İki güzide takımımız Çeyrek finale çıktığında, Türk Milli takımımızın başarısızlığı tüm ülkemizi sarmıştı. Külüp takımlarımızın başarıları ise Türk milletine iyi gelmişti.
Yıllarca İngilizler’in, Almanlar’ın, İspanyollar’ın, İtalyanlar’ın takımları yarı final, çeyrek final, hatta finaller oynamış onları ancak Tv’lerde seyretmek ile kaldık. Hep düşünmüşümdür Türk futbolu ne zaman Avrupa arenasında birlikte Finaller oynayacak diye… Çeyrek final kuraları çekildiğinde Galatasaray’a Real Madrid, Fenerbahçe’ye de lazio takımları çıkmıştı. Bir temsilcimiz Şampiyonlar liginde boy gösteriyor, Diğer temsilcimiz ise, Uefa Avrupa liginde.
Galatasaray Gruplardan çıkmak için son maçları beklerken, Fenerbahçe gurubu lider olarak çıktı. Galatasaray ara transferde yaptığı flaş takviyeler ile yurt içinde ve yurt dışında Türk futboluna ve kendi markasına katma değer kazandırırken, Fenerbahçe yerinde transferler yaparak takımlarına güç kattılar.
3 Nisan Çarşamba gecesi Madrid’e Estadio Santiago Bernabeu Stadyum’da Galatsaray İstediği skoru alamamış ve basın toplantısında Teknik Direktör Fatih Terim Norveçli hakeme kesiyordu faturayı.
İki çeyrek final oynamak isteyen takımlarımızdan Fenerbahçe dün akşam sahne almak için Şükrü Saraçoğlu’nda oynanacak Uefa Avrupa Liginde sırasını beklemeye başladı. Basın toplantısında Teknik direktör Aykut Kocaman ısrar ile ‘’sabırlı oynamalıyız’’Maç ‘’Nefes nefes’e’’geçecek diye demeçler veriyordu.Belliki Aykut Kocaman ve kurmayları derslerine iyi çalışmışlar.Lazio’nun Teknik Direktörü Vladimir Petkoviç ise Türkiye’ye yabancı olmayan insandı.2010-11 Sezonu şampiyonlar liginde 3.eleme turunda rakip olmuştu.Young Boys ile eşleşmiş ve takımına tur atlatmıştı.Samsun Spor’un başında iken bir yenilgi ve Şükrü Saraçoğlu Stadyumu’ndan da beraberlik almıştı.

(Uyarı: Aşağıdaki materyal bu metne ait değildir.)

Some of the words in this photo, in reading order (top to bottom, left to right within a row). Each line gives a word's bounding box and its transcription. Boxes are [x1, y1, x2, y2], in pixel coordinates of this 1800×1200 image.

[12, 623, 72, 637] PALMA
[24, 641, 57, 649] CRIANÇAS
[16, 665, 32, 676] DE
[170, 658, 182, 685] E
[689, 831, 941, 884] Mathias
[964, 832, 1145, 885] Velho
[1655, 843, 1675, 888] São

Lazio; Uefa Avrupa liginde hiç yenilmemiş, İtalya’da Juventus’u eleyerek yüksek sükse yapmış, Kupada finale yükselmiş bir takım hüviyetinde geldi Türkiye’ye. Nede olsa İtalya’nın temsilcisiydi. Az gol yiyen ve çok atan takıma karşı oynadı dün akşam Fenerbahçe.

Uefa’da sakıncalılar arasında yerini alan ve son iki maçını kendi evinde seyircisiz oynayan ve seyircisinden mahrum olan Fenerbahçe, turları geçmişti. Seyircili oynamanın keyfini yaşadı dün akşam., Ancak basın yolu ve Fenerbahçe Spor kulübü stadyuma giriş yapan her taraftara bir bülten vererek ne kadar Uefa’nın ciddi olduğunu ve yapılacak bir olumsuzluğun takımı ihraç edileceğinden bahsediyordu.Yönetim,teknik direktör,taraftar ve futbolcular herkes çok dikkatliydi dün gece.

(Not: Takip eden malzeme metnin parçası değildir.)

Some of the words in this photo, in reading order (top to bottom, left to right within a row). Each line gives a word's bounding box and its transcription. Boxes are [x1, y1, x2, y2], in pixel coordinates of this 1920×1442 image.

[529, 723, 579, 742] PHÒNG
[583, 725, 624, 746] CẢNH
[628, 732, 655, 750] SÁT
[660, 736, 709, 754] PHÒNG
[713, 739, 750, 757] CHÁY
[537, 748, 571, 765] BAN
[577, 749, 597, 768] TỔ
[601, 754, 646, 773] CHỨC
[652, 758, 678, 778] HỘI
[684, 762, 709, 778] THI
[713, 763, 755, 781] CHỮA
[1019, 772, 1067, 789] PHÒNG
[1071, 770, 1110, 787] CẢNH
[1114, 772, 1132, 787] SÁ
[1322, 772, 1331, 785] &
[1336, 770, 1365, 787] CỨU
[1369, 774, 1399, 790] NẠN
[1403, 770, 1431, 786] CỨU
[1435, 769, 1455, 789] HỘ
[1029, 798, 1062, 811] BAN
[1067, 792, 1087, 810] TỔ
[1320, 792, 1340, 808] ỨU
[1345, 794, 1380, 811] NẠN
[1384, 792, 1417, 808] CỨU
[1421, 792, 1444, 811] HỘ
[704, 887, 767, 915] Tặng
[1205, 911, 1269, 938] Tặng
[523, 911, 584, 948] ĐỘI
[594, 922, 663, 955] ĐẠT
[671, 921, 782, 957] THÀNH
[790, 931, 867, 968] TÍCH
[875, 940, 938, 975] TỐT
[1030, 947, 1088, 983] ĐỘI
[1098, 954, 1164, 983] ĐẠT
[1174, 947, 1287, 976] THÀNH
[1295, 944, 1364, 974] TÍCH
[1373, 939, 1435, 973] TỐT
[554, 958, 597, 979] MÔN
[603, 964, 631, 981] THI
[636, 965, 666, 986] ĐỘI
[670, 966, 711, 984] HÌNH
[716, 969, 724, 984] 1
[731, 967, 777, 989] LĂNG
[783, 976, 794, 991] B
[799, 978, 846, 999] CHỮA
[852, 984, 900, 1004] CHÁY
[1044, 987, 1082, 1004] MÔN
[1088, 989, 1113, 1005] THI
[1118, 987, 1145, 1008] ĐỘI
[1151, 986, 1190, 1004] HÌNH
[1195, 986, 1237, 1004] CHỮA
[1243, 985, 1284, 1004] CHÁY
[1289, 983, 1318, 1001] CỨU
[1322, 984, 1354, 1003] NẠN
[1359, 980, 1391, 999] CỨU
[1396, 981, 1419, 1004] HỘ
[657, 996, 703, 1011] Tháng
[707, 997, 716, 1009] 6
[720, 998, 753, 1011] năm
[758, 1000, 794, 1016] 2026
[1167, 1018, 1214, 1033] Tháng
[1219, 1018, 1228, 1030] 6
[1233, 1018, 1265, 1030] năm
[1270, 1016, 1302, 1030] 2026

Kadıköy-Bağdat caddesi esnafı, tüccarı, emniyeti, de en az Fenerbahçeli sporcular kadar hazırlık içindeydi. Maç öncesi Kızıltoprak mahşer yerini andırıyordu, Çoluk çocuk, genci, ihtiyarı her katmandan taraftar çubuklu formalarını giymiş maça hazırdı. Maçın geç saatte başlaması esnaf için ayrı bir mesai  oluyordu.
Gelelim maça, Lazio bildiğimiz İtalyan takımı… Savunmada çok dikkatliler. Hücümda’da çabuk çoğalıyorlar. Pres yapan ve orta sahada çok koşan diri ve saldırgan… Kalecileri ise tam kışkırtıcı… Deplasman takımı nerde oyunu yavaşlatacaklarını, nerde seyirci ile kontak kuracaklarını çok iyi biliyorlar… Mavi ve beyaz formaları ile yeşil çimde pekte afili duruyorlardı.
Ancak dedik ya, Aykut Kocaman dersine iyi çalışmış. Maç başladığında Sakin ayağa top yapan,sabırlı devamlı top bizde kalsın ilkesi ile oynayan bir Fenerbahçe vardı sahada..İleride Webo,Sow ikilisi devamlı yer değiştiriyor,İtalyan takımının dengesini bozuyorlardı.Kuyt ise iki ciğer ile oynuyor devamlı deplase durumundaydı.Orta saha’da oynayan Mehmet Topal,Meireles ve Baroni Fener defansından gelen topları orta sahada organize ataklar hazırlamak için top ile bağlarını çok tutmayarak bir an önce önde oynayan arkadaşlarına atmayı düşünüyorlardı.  lazio takımı geride kapanarak ve orta sahasında geriye gelince, ileride oynayan arkadaşlarını top ile buluşturmakta sıkıntı yaşıyorlardı. Bir uzun topun atıldığı dakikada da Sow’un şutu dışarıya gidiyordu.16. dakika’da Sow’ un şutu direğe takılıyor seyircinin ahları arasında dışarıya gidiyordu. İskoç hakem ilk yarıda Lazio’nun sert futboluna fazla göz yumdu.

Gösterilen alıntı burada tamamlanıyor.